[Annotated photo localization data]
──────────
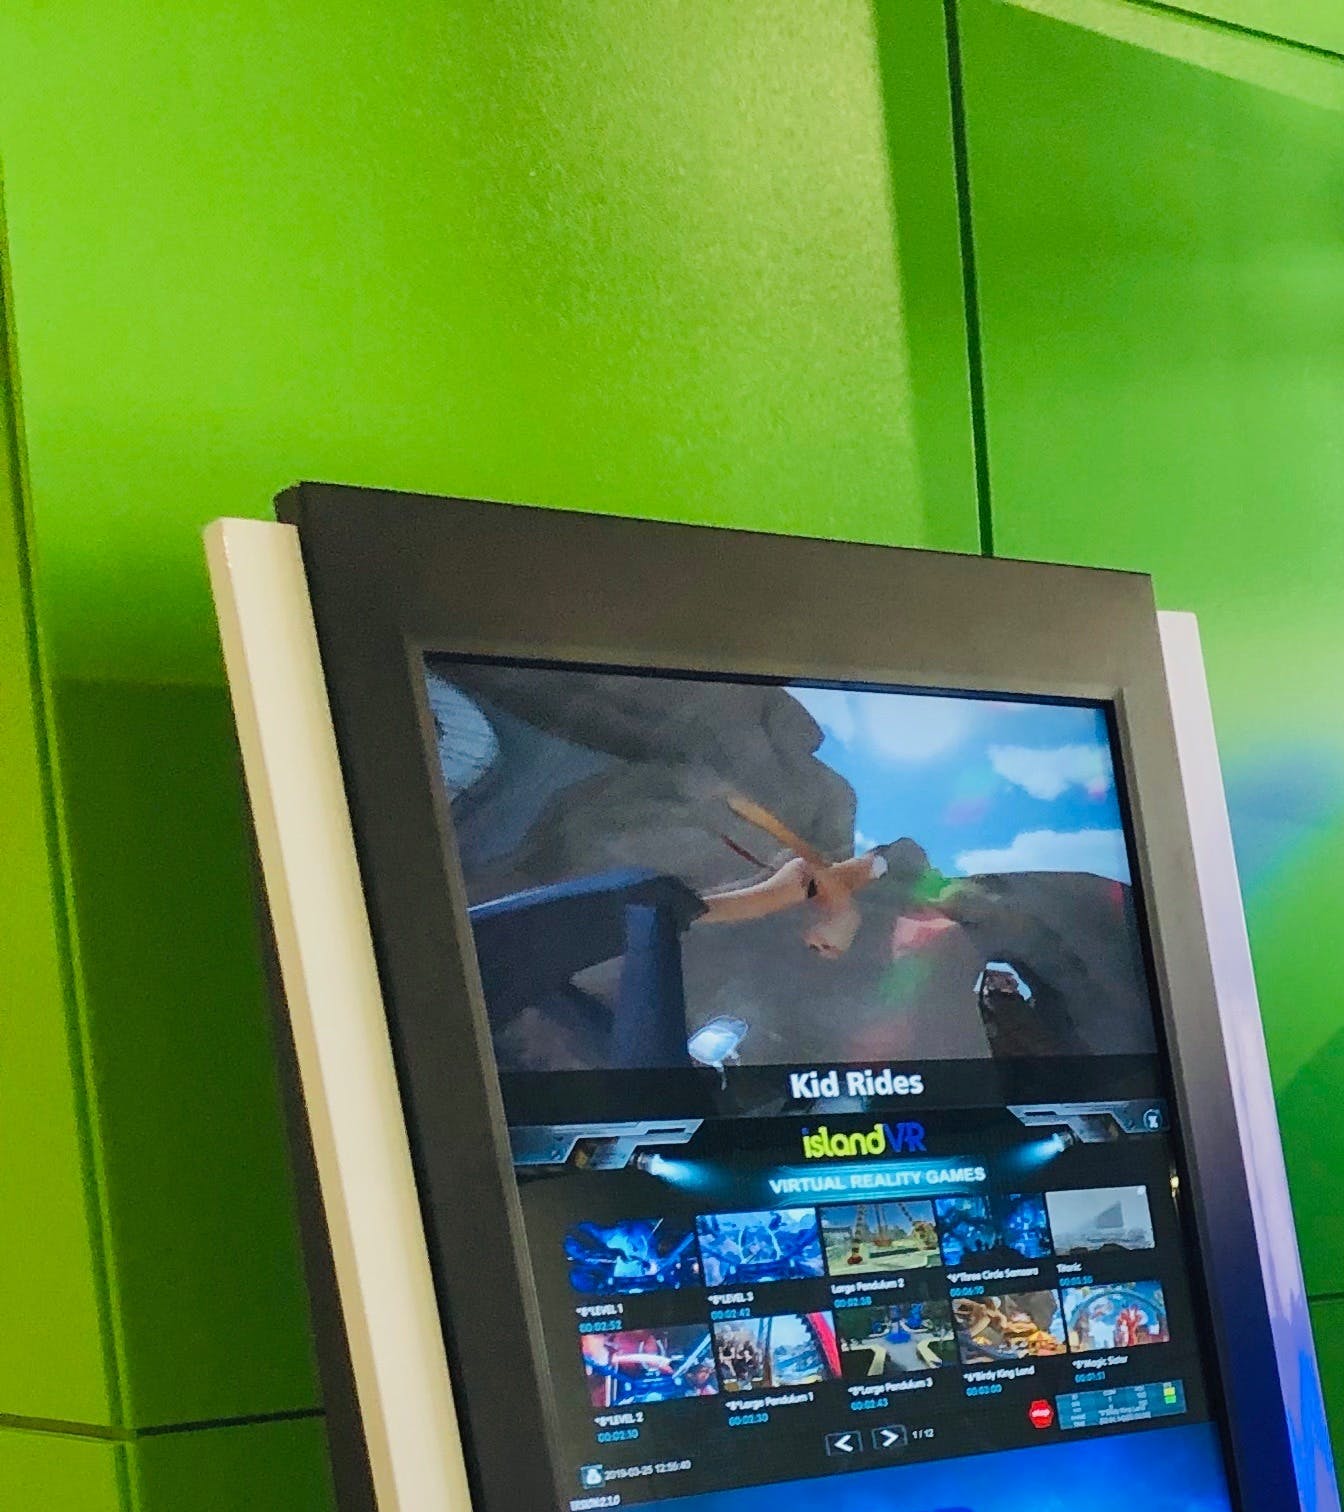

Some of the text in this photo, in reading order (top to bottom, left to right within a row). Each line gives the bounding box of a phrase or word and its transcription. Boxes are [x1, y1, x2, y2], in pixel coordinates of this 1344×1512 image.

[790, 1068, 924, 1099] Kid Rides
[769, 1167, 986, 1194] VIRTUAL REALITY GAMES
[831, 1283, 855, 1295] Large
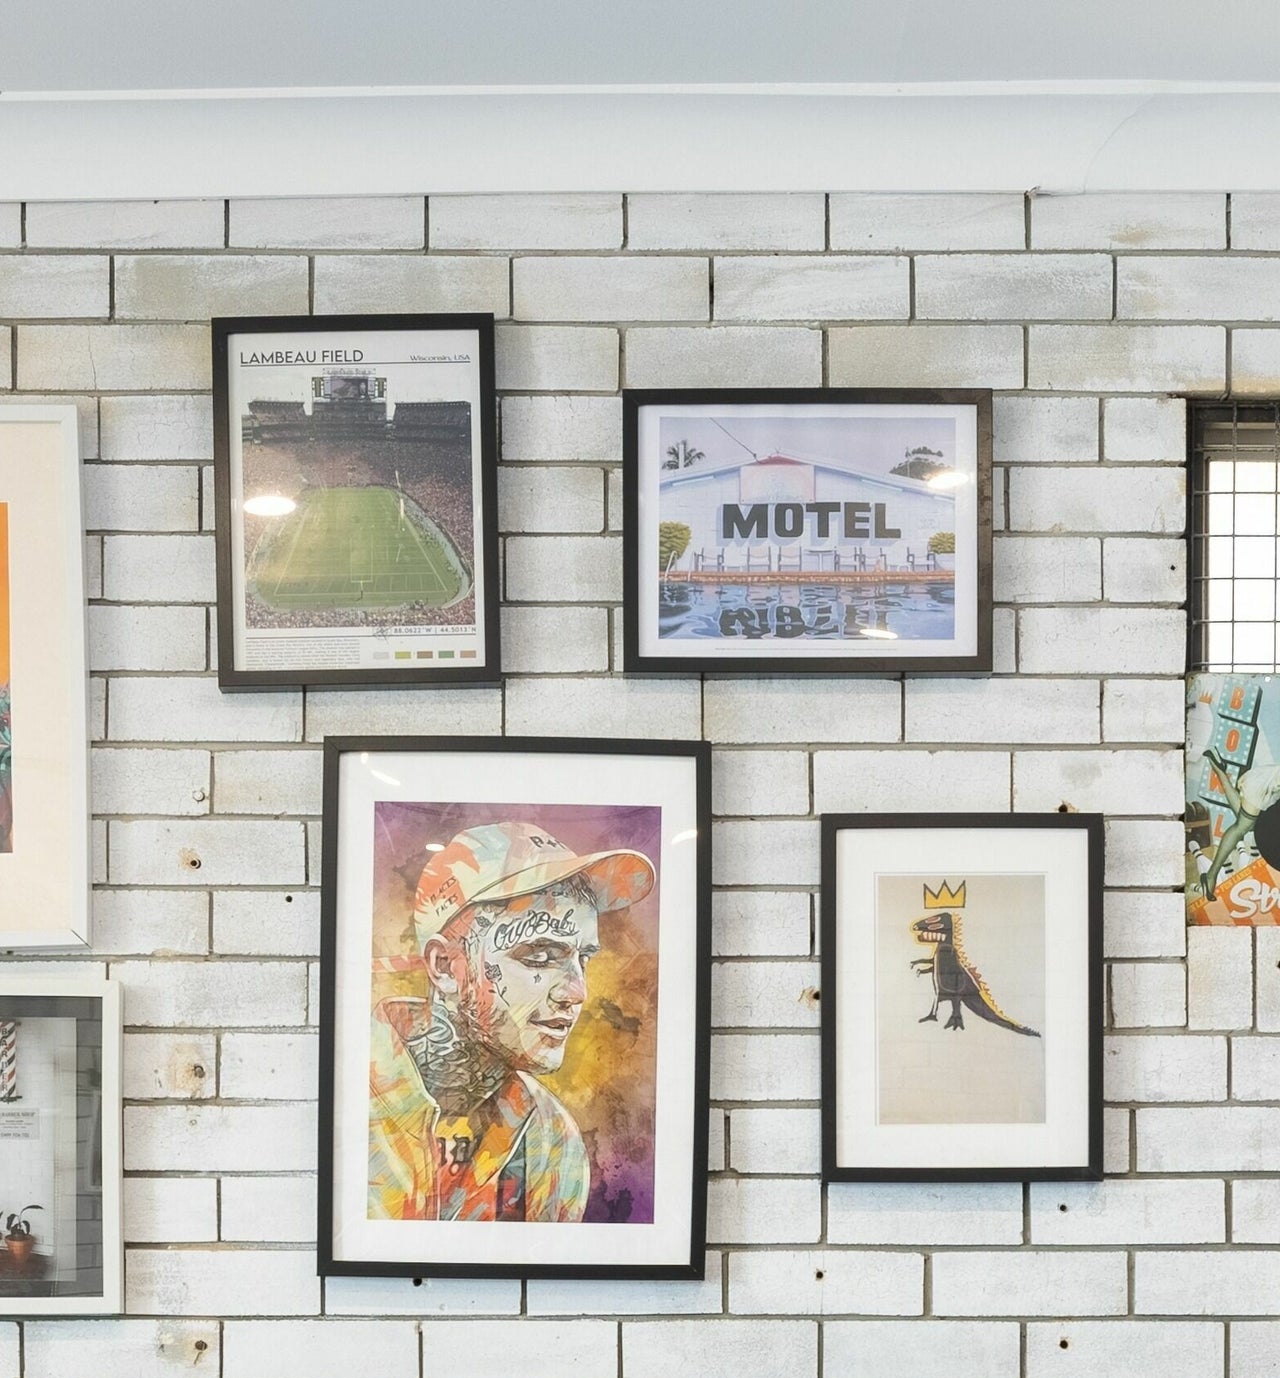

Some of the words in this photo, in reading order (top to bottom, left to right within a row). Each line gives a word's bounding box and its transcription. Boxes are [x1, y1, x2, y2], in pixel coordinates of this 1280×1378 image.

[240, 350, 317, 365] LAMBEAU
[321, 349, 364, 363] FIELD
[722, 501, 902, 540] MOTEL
──────────
== What needs to be done ==
Before copying the data, remove the pictures. Then repeat the rest exactly.

== Expected output ==
Some of the text in this photo, in reading order (top to bottom, left to right within a row). Each line gives the bounding box of a phrase or word and its transcription. Boxes are [x1, y1, x2, y2], in pixel coordinates of this 1344×1512 image.

[790, 1068, 924, 1099] Kid Rides
[769, 1167, 986, 1194] VIRTUAL REALITY GAMES
[831, 1283, 855, 1295] Large

Some of the words in this photo, in reading order (top to bottom, left to right within a row). Each line gives a word's bounding box and its transcription. Boxes are [x1, y1, x2, y2], in pixel coordinates of this 1280×1378 image.

[240, 350, 317, 365] LAMBEAU
[321, 349, 364, 363] FIELD
[722, 501, 902, 540] MOTEL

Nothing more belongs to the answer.